We've got demand growing in North America and Europe now. So, we're trying just to balance that, manage the opportunity and minimize the risk. So, I think that that's something that we look at all the time.
Our plans -- our firm plans at the moment are -- we've done the Qinzhou acquisition, and we're building the Meishan project. And we're planning to do an expansion of the Qinzhou facility but we won't actually have to pull the trigger on that because we want to get a little bit of operating experience with that plant. And then change the design somewhat when we do the expansion. So, we look at it all the time and something that we just adjust to as to what's current.
Our next question comes from Aleksey Yefremov from KeyBanc Capital Markets. Aleksey your line is now open.
Thank you and good morning every one. The lithium volume guidance for this year is 20% to 30% and you posted 20% year-over-year in third quarter, 18% in the second. So, is it fair to say if you're trending towards the lower end of this guidance for the full year at this point?
No, we should be probably in the middle of that guidance range. So, as we're ramping up volume at La Negra, you should see improvement to that growth rate in the fourth quarter. I don't know, Eric, if you have any more.
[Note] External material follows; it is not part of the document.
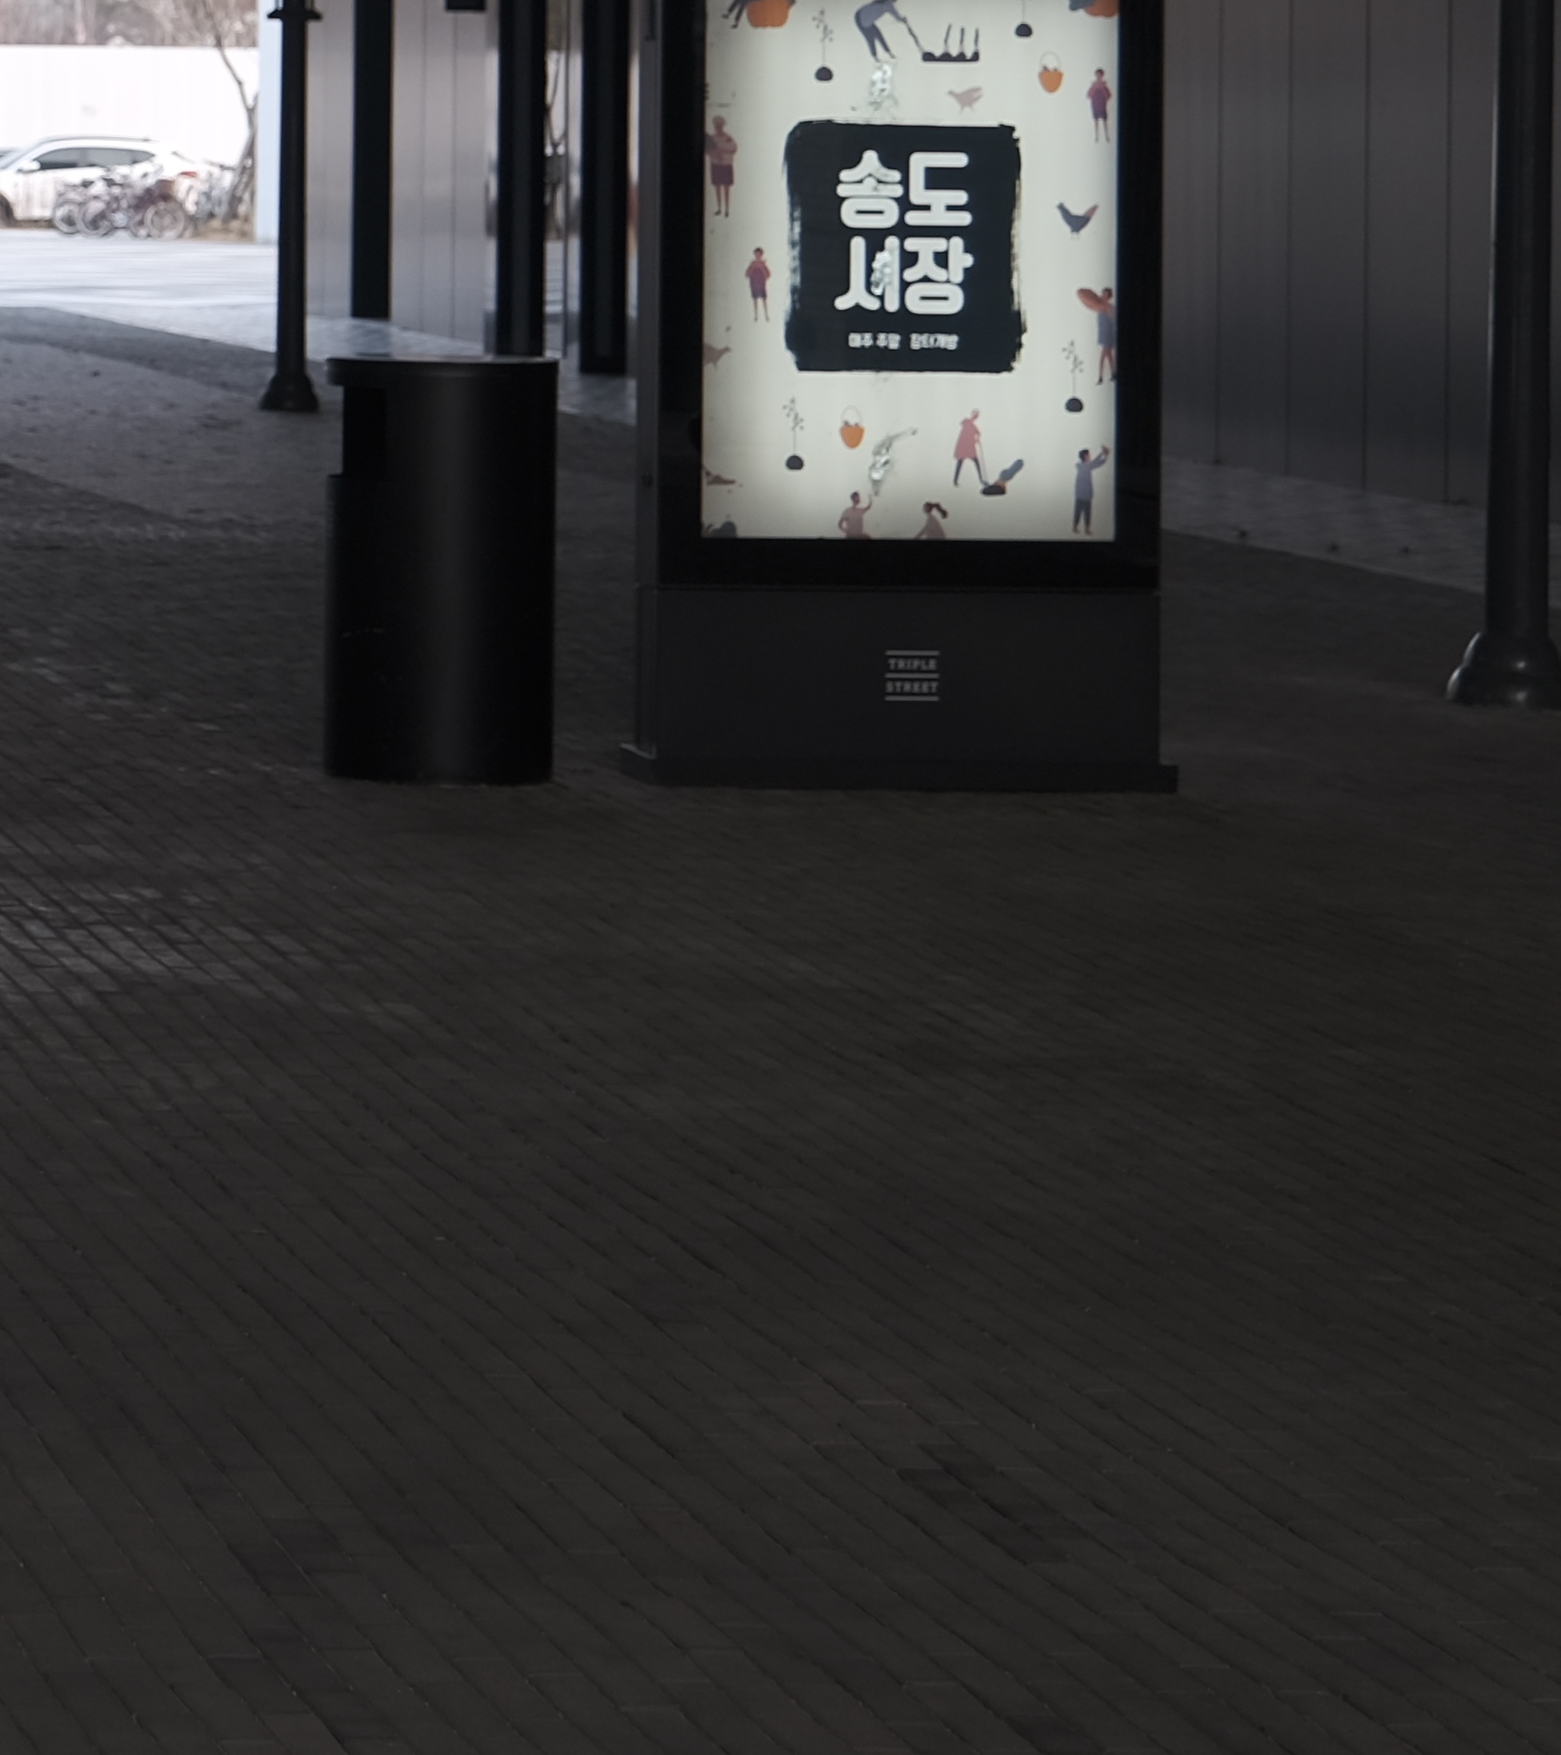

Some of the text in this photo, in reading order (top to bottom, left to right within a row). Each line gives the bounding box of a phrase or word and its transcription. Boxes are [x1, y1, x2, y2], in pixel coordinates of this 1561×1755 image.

[835, 148, 973, 229] 송도
[887, 657, 938, 671] TRIPLE
[884, 680, 939, 694] STREET
Aleksey, I'd just add that, that has always been the case, is that because of the nature of the ramp of our plants, both La Negra, Kemerton, Qinzhou coming into the full, we've always been back half loaded. The challenge we had in the third quarter was on the production side, mostly in tolling in China due to brownouts -- rolling brownouts in the region and how that impacted operating rates of our tollers ability to toll convert.
As we go into the cooler time of the year where we don't expect and have not seen those, obviously, now with the weather being warmer, we expect higher production rates on the tolling side plus the continued ramp up these plants as Scott referenced, that our owned plants. So, we'd expect to get into the middle of that guidance with a strong volume performance in the fourth quarter.
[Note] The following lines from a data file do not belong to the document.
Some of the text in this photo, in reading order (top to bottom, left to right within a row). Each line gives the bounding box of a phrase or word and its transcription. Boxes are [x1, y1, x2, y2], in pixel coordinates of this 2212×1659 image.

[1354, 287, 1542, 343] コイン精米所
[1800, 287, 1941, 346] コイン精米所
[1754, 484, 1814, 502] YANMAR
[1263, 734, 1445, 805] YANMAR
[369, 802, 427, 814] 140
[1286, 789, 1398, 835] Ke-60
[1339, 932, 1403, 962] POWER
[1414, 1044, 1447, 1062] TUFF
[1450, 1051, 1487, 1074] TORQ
Very helpful. Thanks. And just pretty fresh news. The Canadian government is forcing some divestments of lithium assets there. Are you potentially interested? And if not, do you have any thoughts on this development? Does it matter for lithium industry in general?
Yes. I mean I don't know if we have specific thoughts on it, but we are always looking at lithium assets. We were kind of comb the planet for lithium assets. So, if they're interesting, we would be looking at them, but nothing to say on those particular assets today.
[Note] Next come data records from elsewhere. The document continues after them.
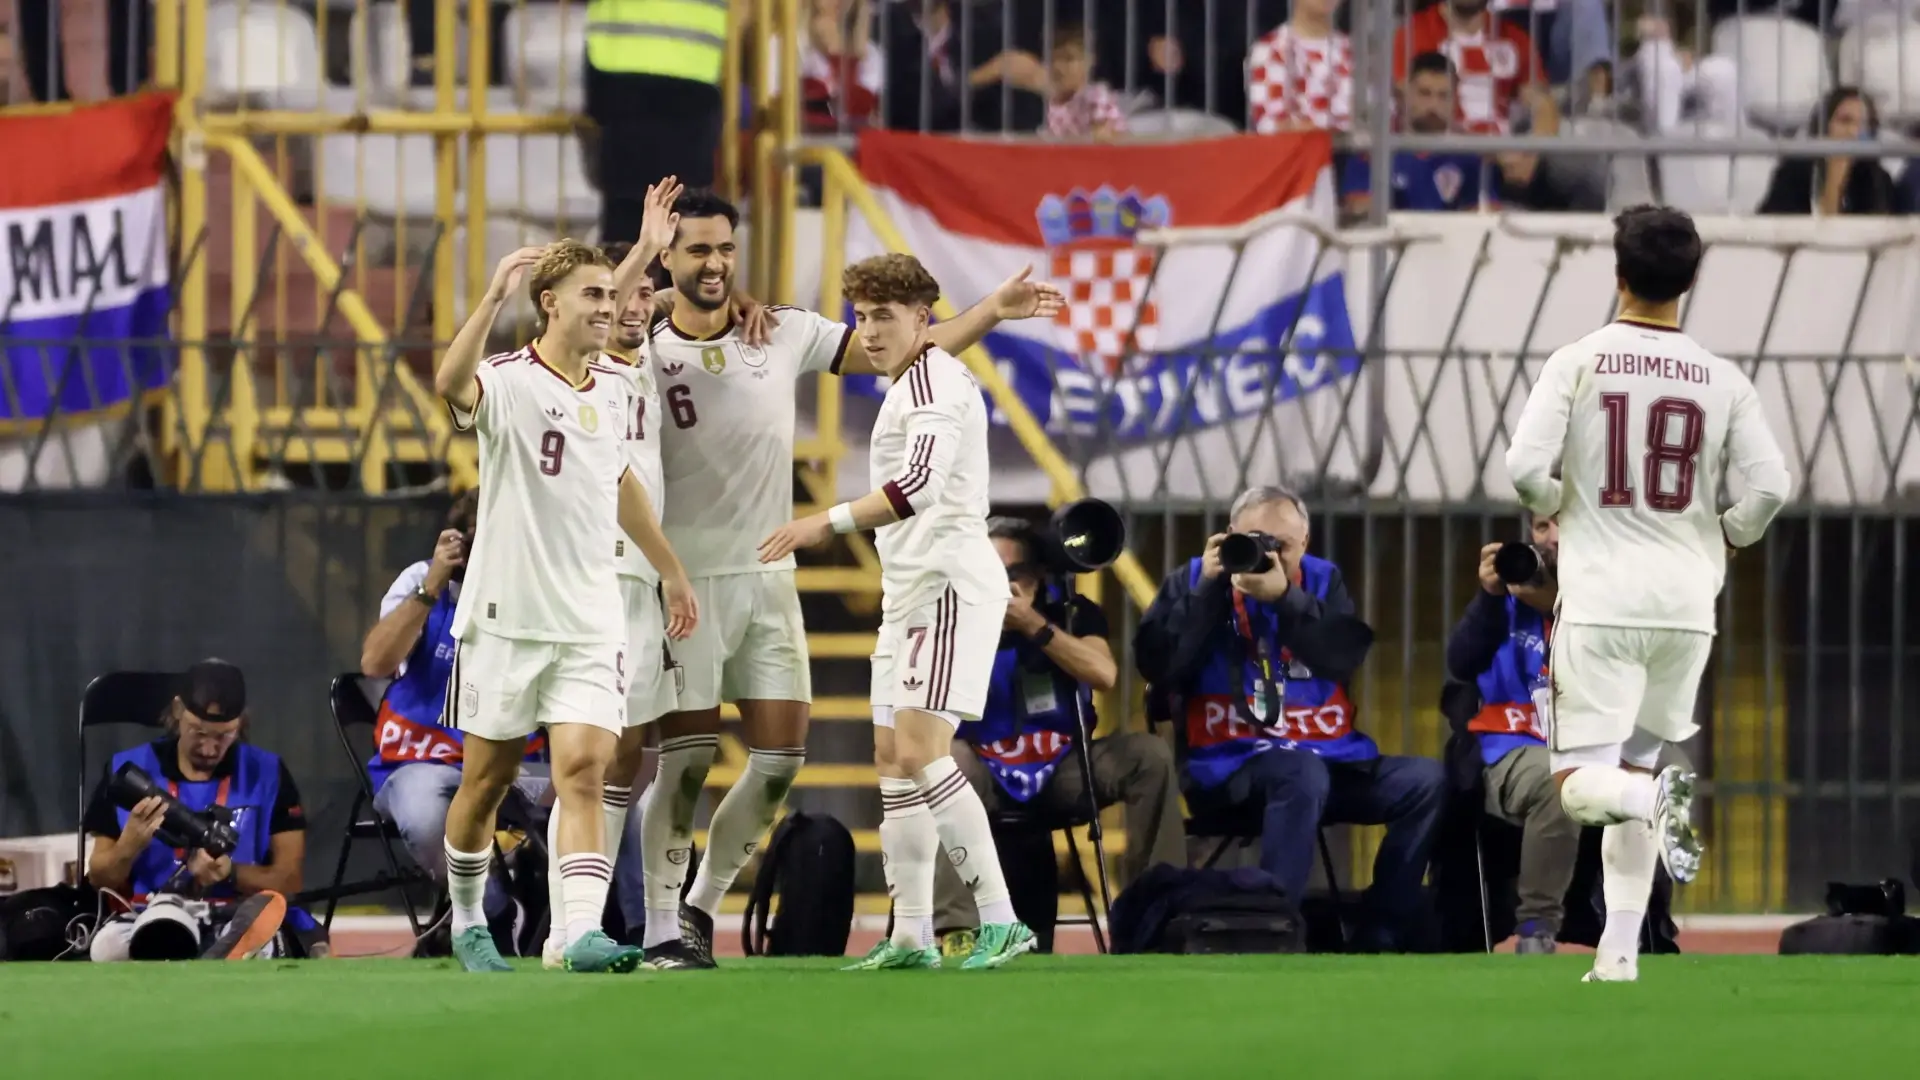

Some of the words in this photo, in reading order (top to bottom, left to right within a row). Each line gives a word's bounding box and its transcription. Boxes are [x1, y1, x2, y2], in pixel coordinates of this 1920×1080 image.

[1594, 353, 1711, 386] ZUBIMENDI
[666, 383, 698, 430] 6
[539, 429, 566, 477] 9
[1599, 391, 1706, 514] 18
[906, 625, 928, 669] 7
Our next question comes from Arun Viswanathan from RBC Capital Markets. Arun your line is now open.
Grate, thanks for taking my question. Congrats on the good results here. Just wanted to, I guess, maybe ask you guys to elaborate on some of the market movements you're seeing. You noted there's been some recent strong demand in EVs is moving prices higher. What's kind of the outlook as you look into the next couple of months?
And could you also comment on potential elasticity impacts on EV demand, if there are any? What have you observed as far as demand trends kind of accelerating or decelerating on price increases?
This is Eric. As you may know, EV sales through, I believe it's the end of September around the world are up 75%. And that's after a pretty soft part of the year -- early part of the year for China, in particular, because of the lockouts and because of supply chain challenges. The tone within the industry now on the automotive side is one of more concern about supply chain than it is about demand. And so, as the supply chain pressures ease, automotive vehicle stocks are very low. We expect to see continued strong growth through the balance of the year and well into next year as well.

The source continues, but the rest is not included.